Text-to-region grounding data:
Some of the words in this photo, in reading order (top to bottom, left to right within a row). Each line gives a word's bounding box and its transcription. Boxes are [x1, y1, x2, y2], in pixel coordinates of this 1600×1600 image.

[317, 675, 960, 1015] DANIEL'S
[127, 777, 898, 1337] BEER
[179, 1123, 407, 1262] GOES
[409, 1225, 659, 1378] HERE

:: Your objective ::
Copy out every entry exactly.

:: Written answer ::
Some of the words in this photo, in reading order (top to bottom, left to right within a row). Each line gives a word's bounding box and its transcription. Boxes are [x1, y1, x2, y2], in pixel coordinates of this 1600×1600 image.

[317, 675, 960, 1015] DANIEL'S
[127, 777, 898, 1337] BEER
[179, 1123, 407, 1262] GOES
[409, 1225, 659, 1378] HERE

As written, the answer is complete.